Le 16 février 2007, je double une série américaine. Nous sommes une douzaine de comédiens, dont deux métissés, A. et moi. Lors d’un changement de bobine, la chef de plateau demande si nous sommes libres le 20 mars. La majorité l’est. En fin de journée, ceux qui ont fini partent. Restent trois ou quatre comédiens blancs, A., l’ingénieur du son et moi. La chef de plateau se tourne alors vers A. et moi: « Je ne sais pas s’il y a des gens comme vous dans le prochain épisode, et comme vous avez des voix spéciales, je ne peux pas vous prendre sur tout, vous ne pouvez pas doubler les Blancs. »

Il faut savoir que dans le doublage, « les comédiens noirs ont des voix graves de Noirs » et les comédiens asiatiques ont une voix « aigue d’Asiatique. » Les comédiens blancs, eux, ont la chance d’avoir une tessiture suffisamment étendue qui permet de doubler et les Noirs et les Asiatiques et les Blancs.

Cette croyance est telle qu’il n’est pas rare d’entendre une comédienne blanche affirmer qu’elle a « une voix de Noire » sans penser être raciste, au contraire, elle double des Noires. Ce métier a un problème avec la couleur. Seuls les comédiens noirs américains seraient « valables » et comme, je cite, « il n’y a pas de bons comédiens noirs français » ni « assez de diversité », force est d’employer des comédiens blancs, lesquels sont meilleurs.

La violence du racisme détruit

On sourit. Mais cette violence détruit. Votre histoire vous est dérobée. Exit les plages du débarquement, exit la peau laiteuse de cette femme que vous appeliez maman, exit votre cousine blanche qui vous dit « J’ai toujours voulu des enfants métis, ça doit être à cause de ton frère et toi. » Exit Conservatoire, exit Angleterre… vous êtes « noire », cela veut dire « vous êtes un être humain différent de nous », vous venez du Noirland. Sonnés, nous sommes sortis dans l’absolu silence des comédiens blancs présents.

Plus tard, j’appelle cette chef de plateau, lui explique la blessure et ce qu’est une voix. Réponse : « Nous ne travaillerons plus ensemble jusqu’à nouvel ordre. » J’écrirai à la boîte de doublage qui pariera sur mon silence. J’écrirai à la HALDE (Haut Comité de Lutte commettre les Discrimination et pour l’Egalité). A. m’accompagnera puis prendra peur. Je prends le risque d’être sur « une liste noire. »

J’appellerai les journalistes que je connais. Je leur avais déjà parlé du racisme dans ce métier où l’on vous présente « en version colorée, mais pas trop », vous demande de « ne pas oublier que vous êtes noire » quand une comédienne s’oublie pour jouer… Cette fois nous avons « une voix spéciale ».

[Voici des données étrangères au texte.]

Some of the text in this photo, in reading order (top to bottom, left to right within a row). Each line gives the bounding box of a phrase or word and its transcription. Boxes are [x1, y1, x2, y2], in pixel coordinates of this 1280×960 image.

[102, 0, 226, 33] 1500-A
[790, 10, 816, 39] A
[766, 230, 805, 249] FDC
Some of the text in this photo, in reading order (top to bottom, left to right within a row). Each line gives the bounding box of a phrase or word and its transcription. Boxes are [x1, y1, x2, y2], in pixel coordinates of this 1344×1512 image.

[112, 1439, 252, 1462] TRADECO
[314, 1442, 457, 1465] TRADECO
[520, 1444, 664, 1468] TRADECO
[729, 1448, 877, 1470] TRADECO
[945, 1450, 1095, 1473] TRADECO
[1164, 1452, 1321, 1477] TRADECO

J’écris à Libé et PPDA qui évoquait le racisme devant Halle Berry, j’appelle France Culture, France 2, mon amie Anne – blanche – tente de convaincre sa tante, journaliste: rien.

Une mobilisation utile

En décembre, la HALDE répondra qu’elle ne peut pas traiter le dossier, alors j’irai au HCI (Haut Comité pour l’Intégration) où je serai enfin entendue. En janvier, je contacte le CRAN (comité représentatif des associations noires) qui m’écoute. J’entends à la télé un journaliste du Nouvel Obs. Je le contacte. Il lit le dossier qu’Anne et moi avons établi, dossier qui démontre que si les Blancs peuvent doubler les Noirs, la réciproque n’est pas vraie. Pratiquement tous les rôles majeurs joués par des comédiens noirs américains sont doublés par des comédiens blancs. Bien sûr, quelques exceptions, « l’exception qui confirme la règle ». L’absurdité est qu’on peut trouver la voix d’une comédienne noire pas assez noire et lui préférer celle d’une comédienne blanche qui serait plus conforme aux préjugés. Enfin le papier sort le 14 février 2008. La HALDE, contactée par le HCI et le journaliste, rouvre le dossier.

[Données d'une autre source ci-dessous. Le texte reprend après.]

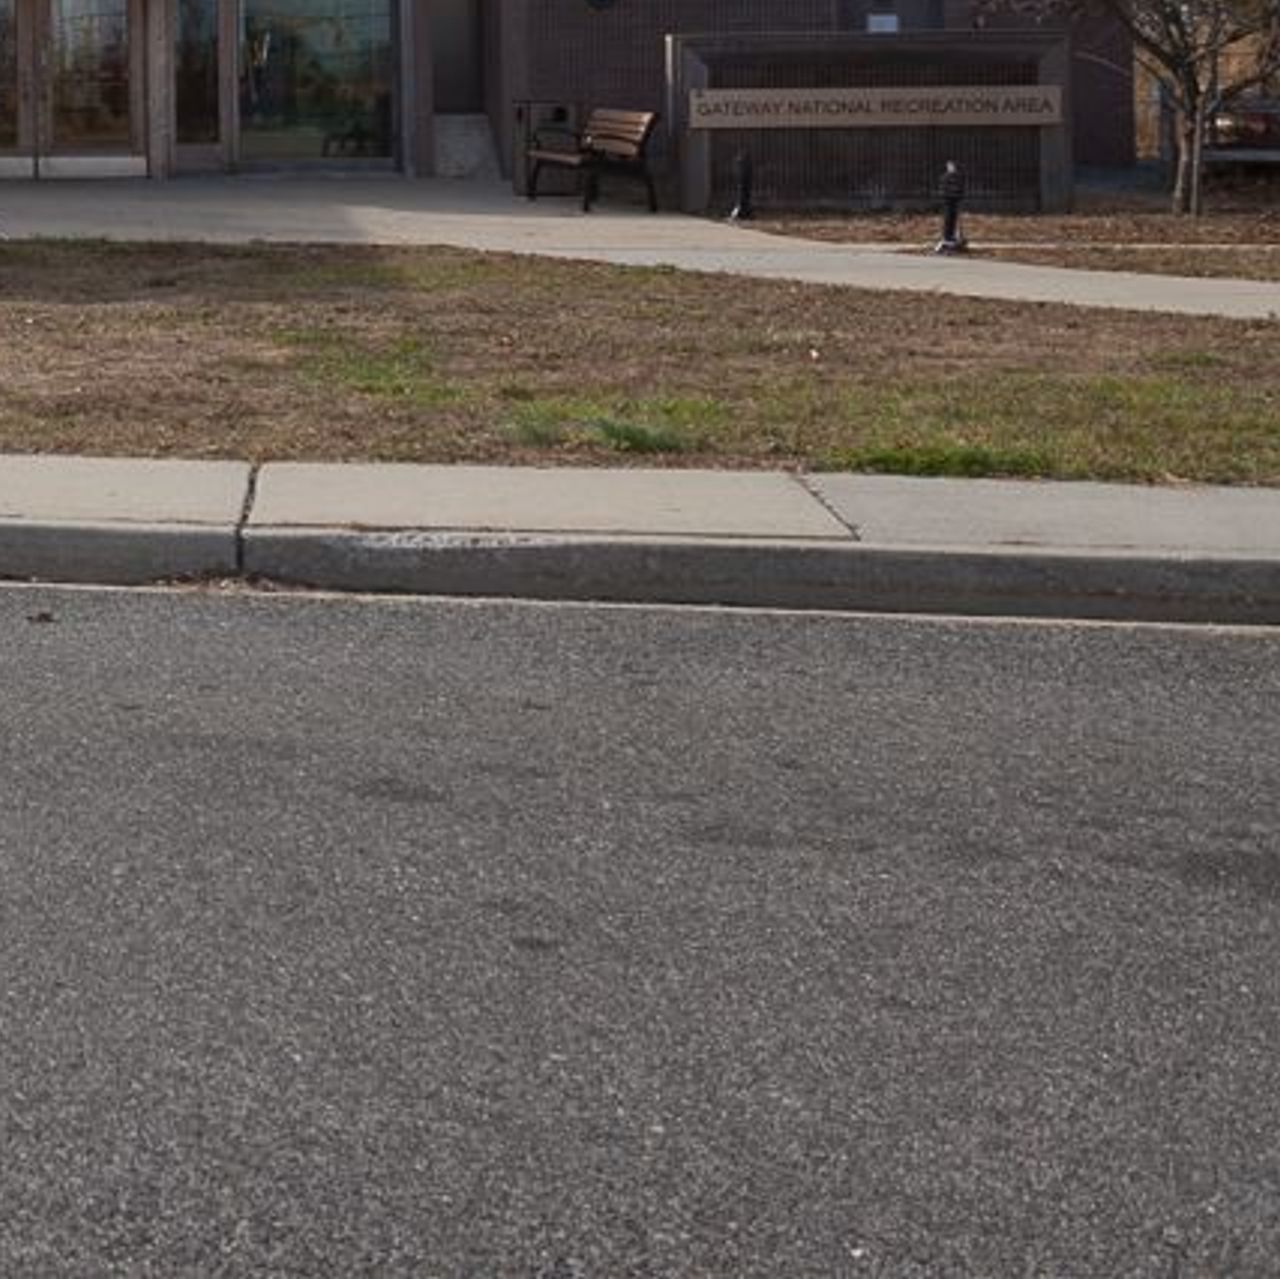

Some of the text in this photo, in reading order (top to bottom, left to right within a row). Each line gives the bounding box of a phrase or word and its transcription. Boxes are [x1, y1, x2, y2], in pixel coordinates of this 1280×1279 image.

L’article signé Olivier Toscer conjugué à l’action du CRAN entraînent des appels de plusieurs médias dont le Times. S’ensuit une succession d’interviews, pour France Ô, RFO, RFI. Aucun média supposé « généraliste » français n’a réagi. Ont réagi un journal anglais et des chaînes dites « communautaires ». « Le théâtre se doit d’être le grand commentaire de la société » écrit Roland Barthes. Le commentaire est ici édifiant.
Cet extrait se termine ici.